[Records drawn from a dataset]

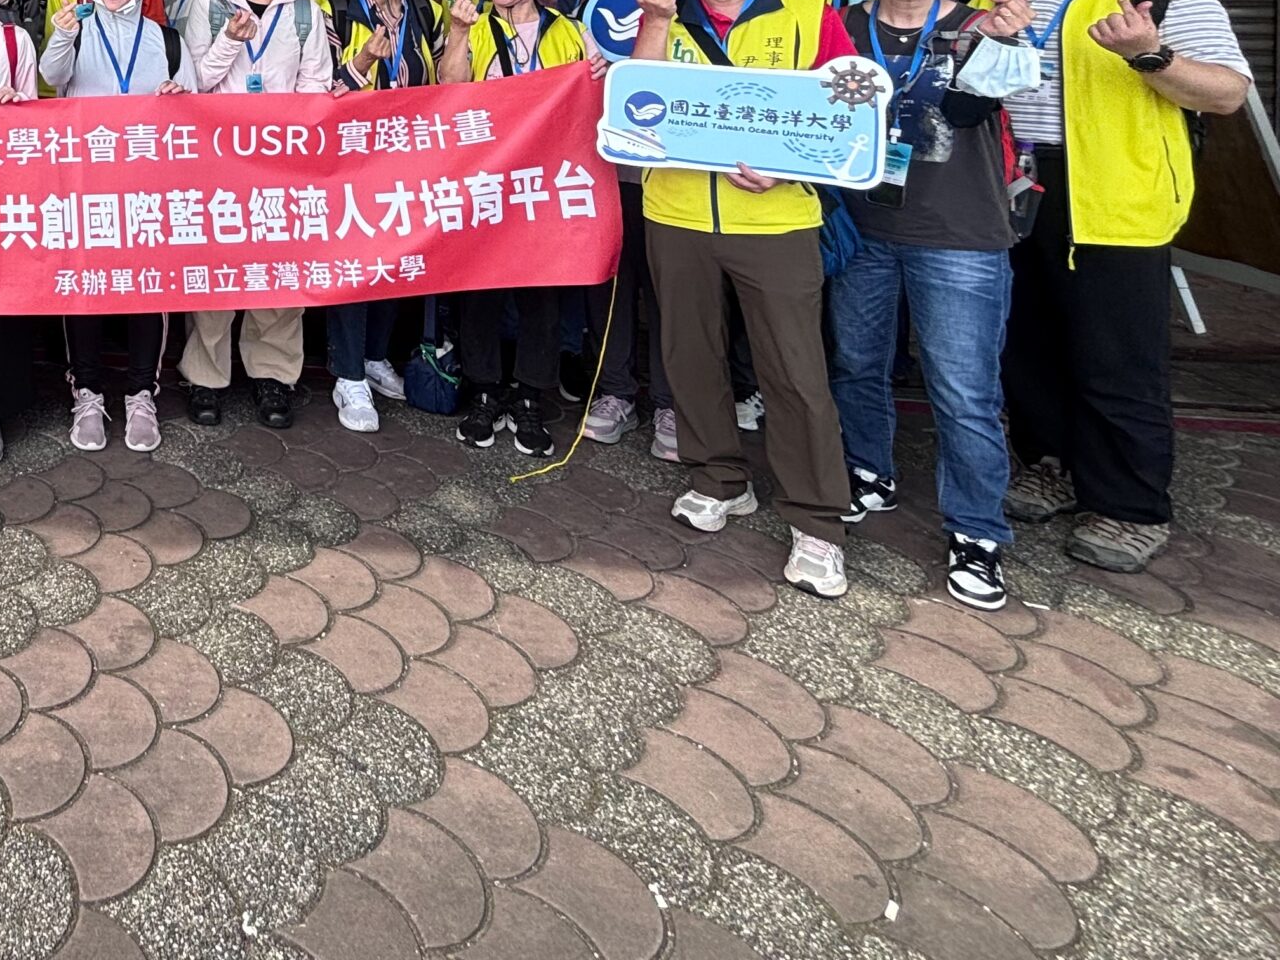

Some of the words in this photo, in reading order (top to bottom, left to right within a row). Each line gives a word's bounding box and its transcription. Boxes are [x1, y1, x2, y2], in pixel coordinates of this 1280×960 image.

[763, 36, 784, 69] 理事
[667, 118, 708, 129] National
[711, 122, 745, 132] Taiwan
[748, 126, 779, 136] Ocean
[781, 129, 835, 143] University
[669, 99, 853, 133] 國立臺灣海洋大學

* [WHAT YOU NEED TO DO]: Full copy, no pictures: write out each line of the data exactly as it stands.

* [RESULT]:
Some of the words in this photo, in reading order (top to bottom, left to right within a row). Each line gives a word's bounding box and its transcription. Boxes are [x1, y1, x2, y2], in pixel coordinates of this 1280×960 image.

[763, 36, 784, 69] 理事
[667, 118, 708, 129] National
[711, 122, 745, 132] Taiwan
[748, 126, 779, 136] Ocean
[781, 129, 835, 143] University
[669, 99, 853, 133] 國立臺灣海洋大學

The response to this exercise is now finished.